セッション情報 一般演題

タイトル 32:

腹水を契機に診断された肝硬変合併形質細胞性造血器腫瘍の1例

演者 田中 宏典(徳島大学病院 消化器内科)
共同演者 谷口 達哉(徳島大学病院 消化器内科), 松本 友里(徳島大学病院 消化器内科), 岡崎 潤(徳島大学病院 消化器内科), 友成 哲(徳島大学病院 消化器内科), 高岡 遠(徳島大学病院 消化器内科), 原田 利枝(徳島大学病院 消化器内科), 佐藤 桃子(徳島大学病院 消化器内科), 三宮 勝隆(徳島大学病院 消化器内科), 原田 武志(徳島大学病院 血液内科), 高山 哲治(徳島大学病院 消化器内科)
抄録 症例は70歳代男性。アルコール性肝硬変で近医通院中、肝細胞癌(HCC)と診断され、2010年6月精査・加療目的に当科に紹介。肝両葉に大きさ2-3cmのHCCを2個認め肝動脈塞栓術(TAE)およびラジオ波焼灼療法(RFA)を施行した。3年後にHCCが再発し、以後TAE、RFAによる治療を繰り返していた。2012年3月より少量の腹水が出現し、初めは利尿薬投与によりコントロール可能であったが、9月頃より腹水が急速に増加した。腹水穿刺を施行し、細胞診を行ったところ、核肥大、核形不整、明瞭な核小体、クロマチン増量を伴う異型細胞を認めた。

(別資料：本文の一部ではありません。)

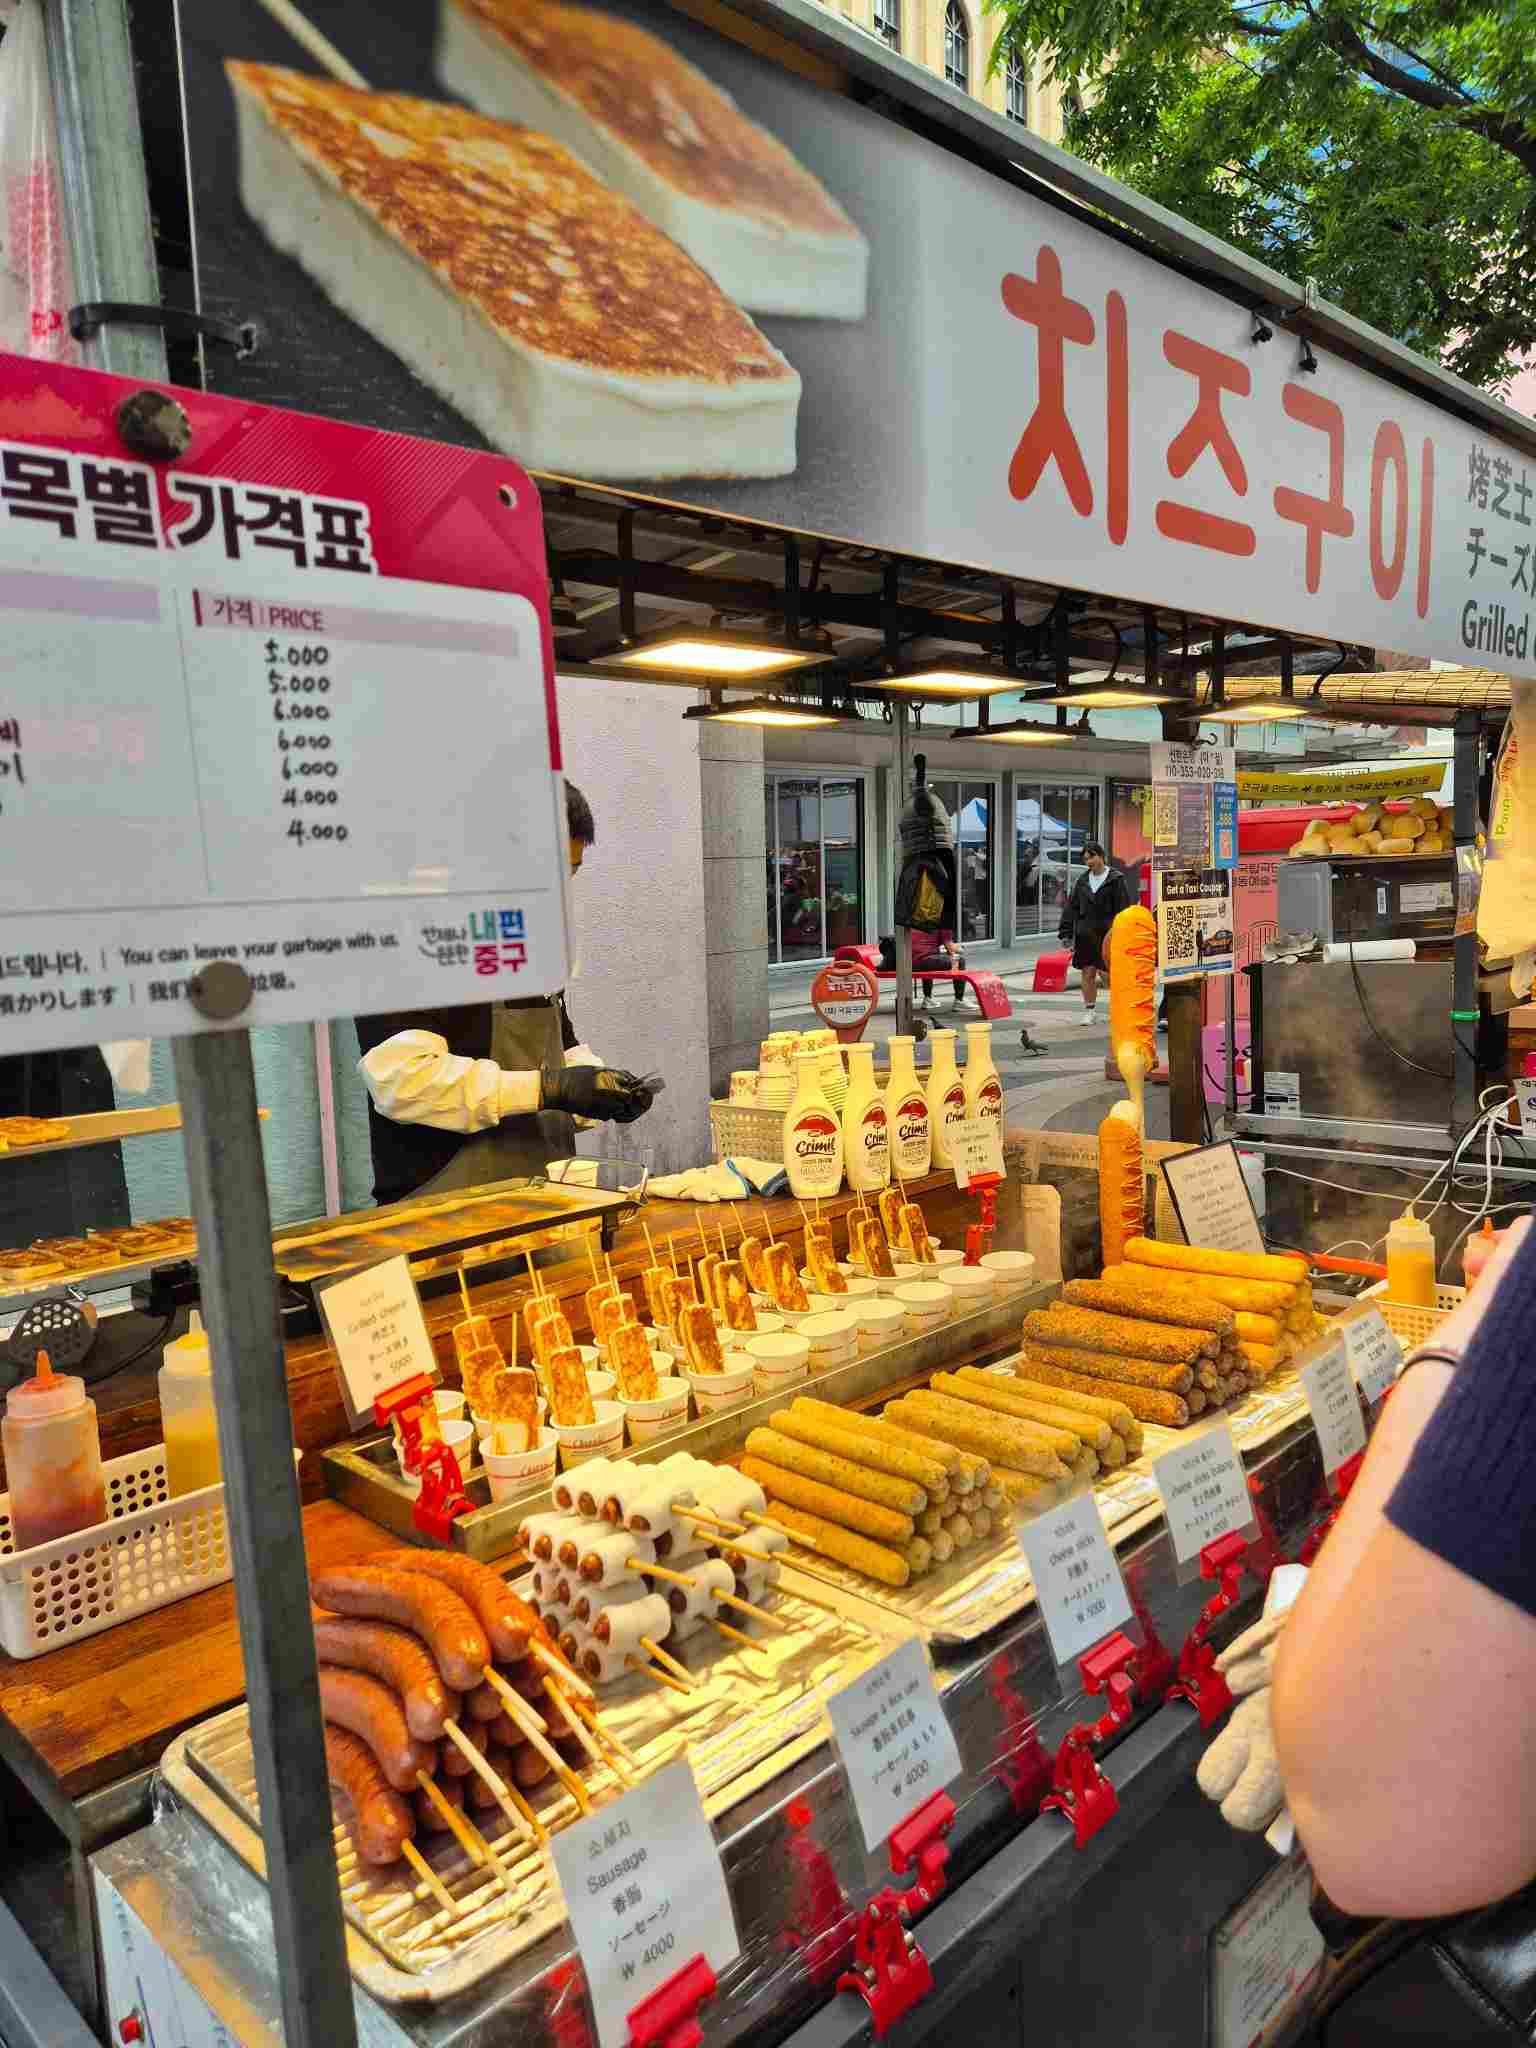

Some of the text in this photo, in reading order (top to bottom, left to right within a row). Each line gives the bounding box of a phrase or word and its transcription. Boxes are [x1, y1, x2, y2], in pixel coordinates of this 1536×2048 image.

[1000, 245, 1434, 618] 치즈구이
[1464, 443, 1533, 526] 烤芝士
[172, 478, 372, 576] 가격표
[1463, 527, 1536, 600] チーズ
[212, 597, 325, 632] 가격 PRICE
[1461, 599, 1530, 660] Grilled
[267, 669, 331, 694] 5.000
[282, 787, 339, 807] 4.000
[287, 819, 349, 848] 4.000
[0, 950, 88, 979] 드립니다.
[119, 946, 152, 965] You
[157, 947, 189, 963] can
[194, 943, 238, 962] leave
[242, 939, 279, 957] your
[282, 934, 343, 957] garbage
[345, 931, 376, 950] with
[587, 1847, 648, 1895] Sausage
[608, 1900, 671, 1953] ソーセージ
[641, 1932, 676, 1966] 4000
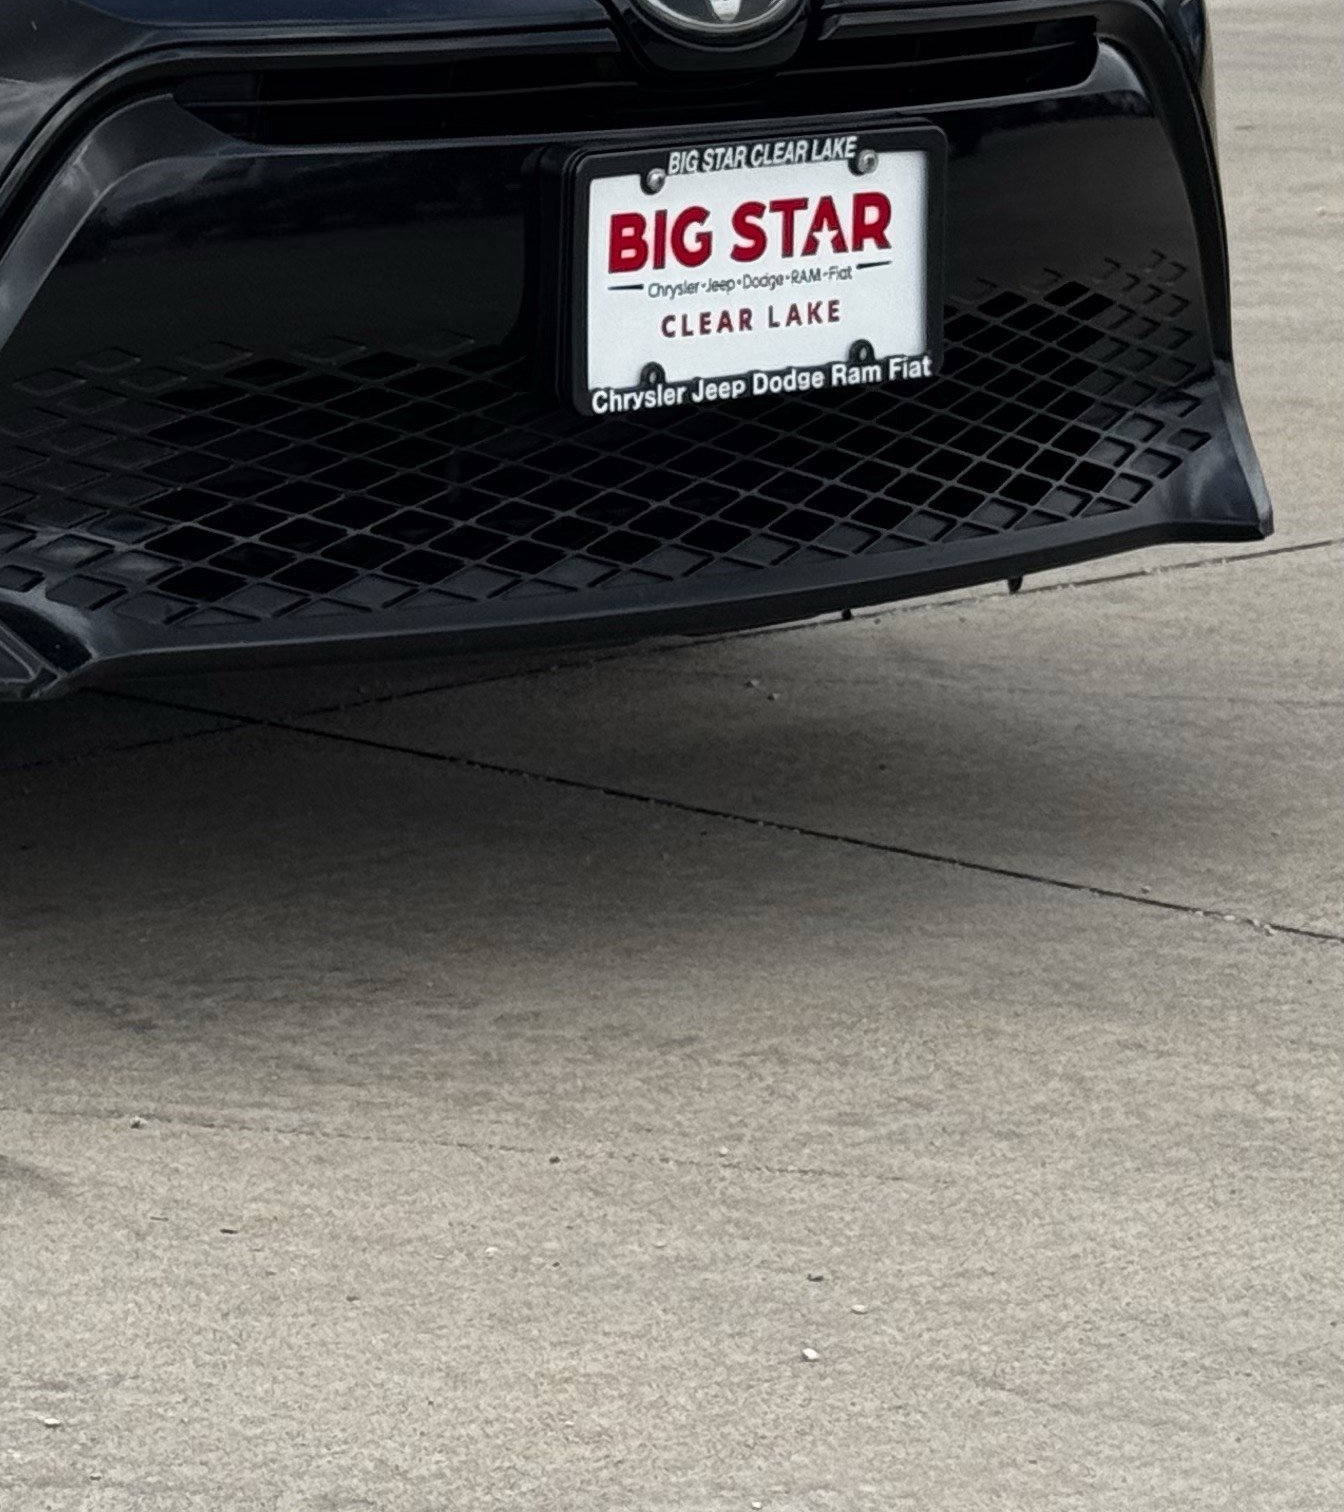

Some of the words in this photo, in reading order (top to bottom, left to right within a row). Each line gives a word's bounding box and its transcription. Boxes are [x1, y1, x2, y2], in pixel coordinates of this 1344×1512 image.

[668, 150, 699, 175] BIG
[702, 146, 747, 171] STAR
[750, 140, 808, 168] CLEAR
[811, 136, 858, 161] LAKE
[608, 206, 713, 274] BIG
[730, 192, 892, 262] STAR
[661, 308, 753, 338] CLEAR
[768, 299, 840, 328] LAKE
[591, 384, 687, 414] Chrysler
[691, 377, 746, 403] Jeep
[752, 369, 825, 396] Dodge
[831, 361, 882, 387] Ram
[888, 355, 933, 381] Fiat
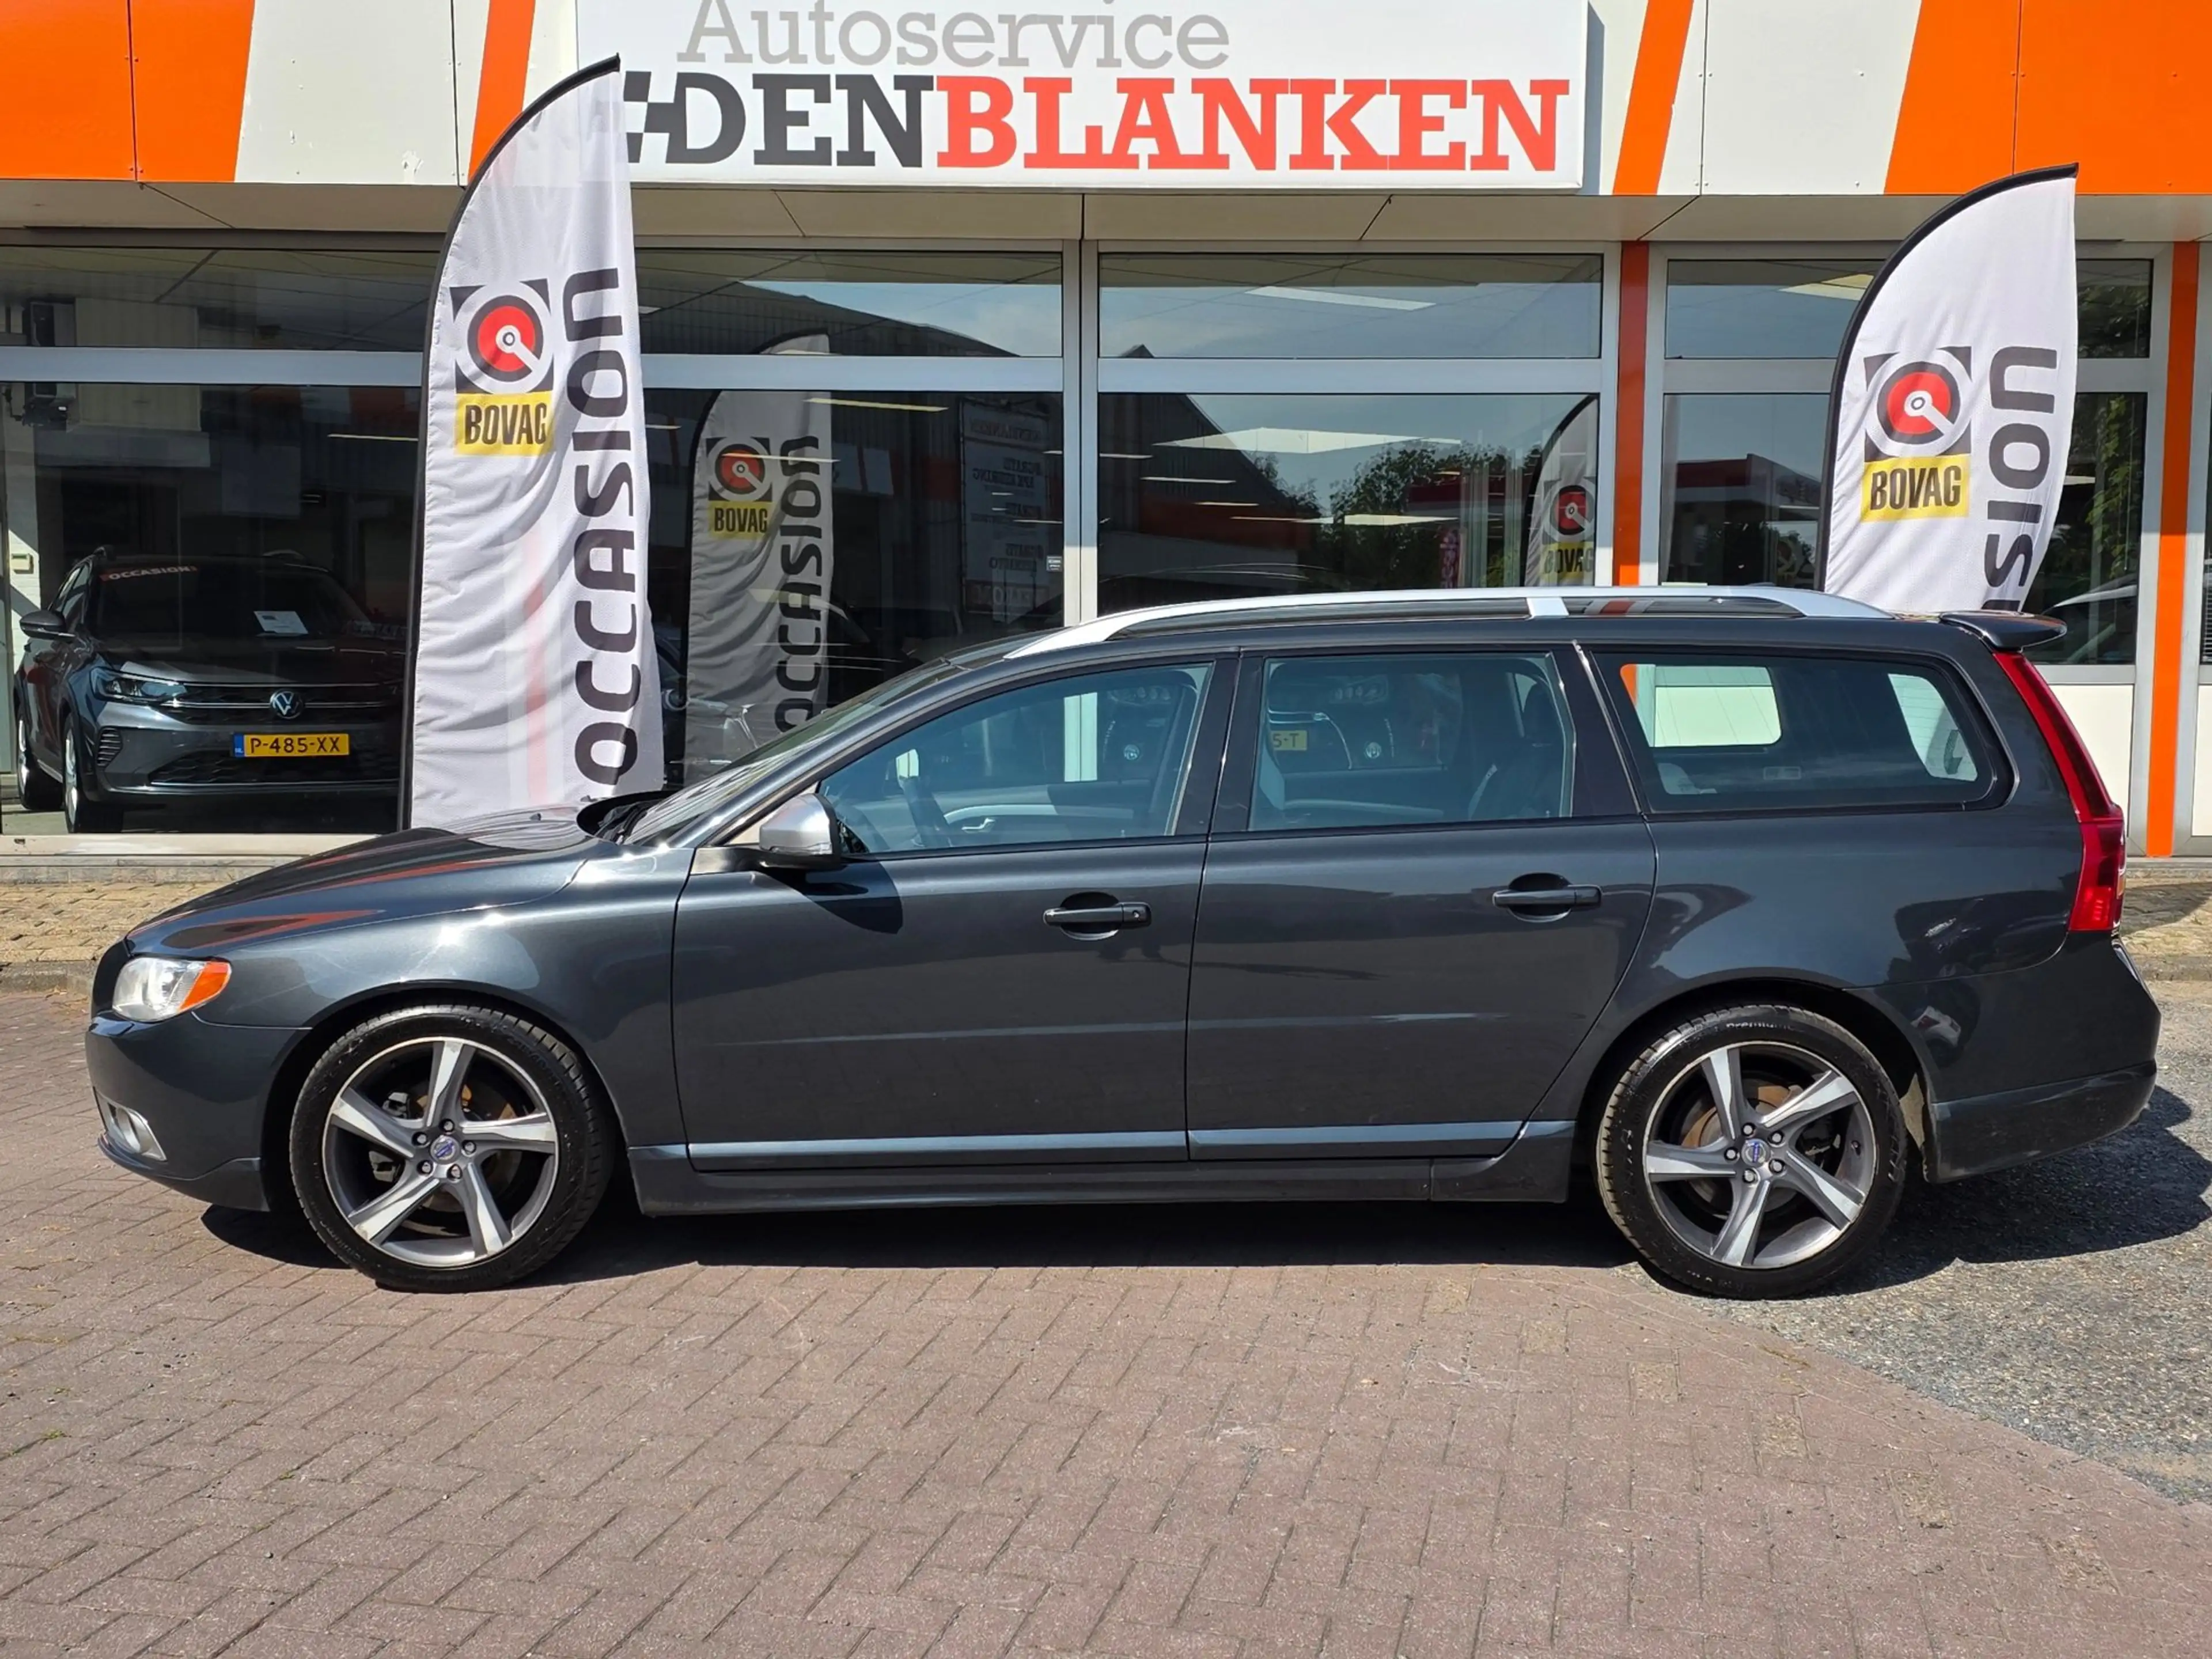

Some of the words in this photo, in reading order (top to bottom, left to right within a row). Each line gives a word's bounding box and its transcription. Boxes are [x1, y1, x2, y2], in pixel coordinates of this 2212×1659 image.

[677, 0, 1229, 69] Autoservice
[464, 402, 548, 445] BOVAG
[1869, 467, 1961, 511] BOVAG
[1980, 346, 2058, 611] SION
[714, 507, 768, 533] BOVAG
[251, 737, 340, 754] P-485-XX

免疫染色ではCD56(+)、CD38(+)、CD138(+)、CD30(-)、HHV-8(-)、EBER(-)であった。また、κ λ染色ではλ鎖が強陽性であり、殆どの細胞でKI67染色陽性であった。免疫グロブリンの遺伝子再構成はH鎖JH(-)であったが、L鎖Cλ(+)であった。また、尿中Bence Jones蛋白(λ型)を認めた。PET-CT検査では、腹壁や腸間膜にSUVmax 5.8までの結節状のFDG集積が複数みられたが、他の部位への集積はみられなかった。骨髄検査ではplasma cell 4.4%とやや増加していたが、明らかな形態異常は認めなかった。以上より、腹腔内を主座とする形質細胞性造血器腫瘍と診断した。プレドニゾロン(30mg/日)による治療開始したが効果は得られなかった。そこで、ボルテゾミブ(1.69mg/週)に変更し治療を継続したが、腹水は徐々に増悪し、発症7カ月後に永眠された。形質細胞性造血器腫瘍は、骨や咽頭・扁桃などの軟部組織中に腫瘍を形成することが多く、腹腔内に発生することは極めて稀である。本例は、肝硬変患者において大量腹水を契機に発見された腹腔内形質細胞性造血器腫瘍であり、文献的考察を加えて報告する。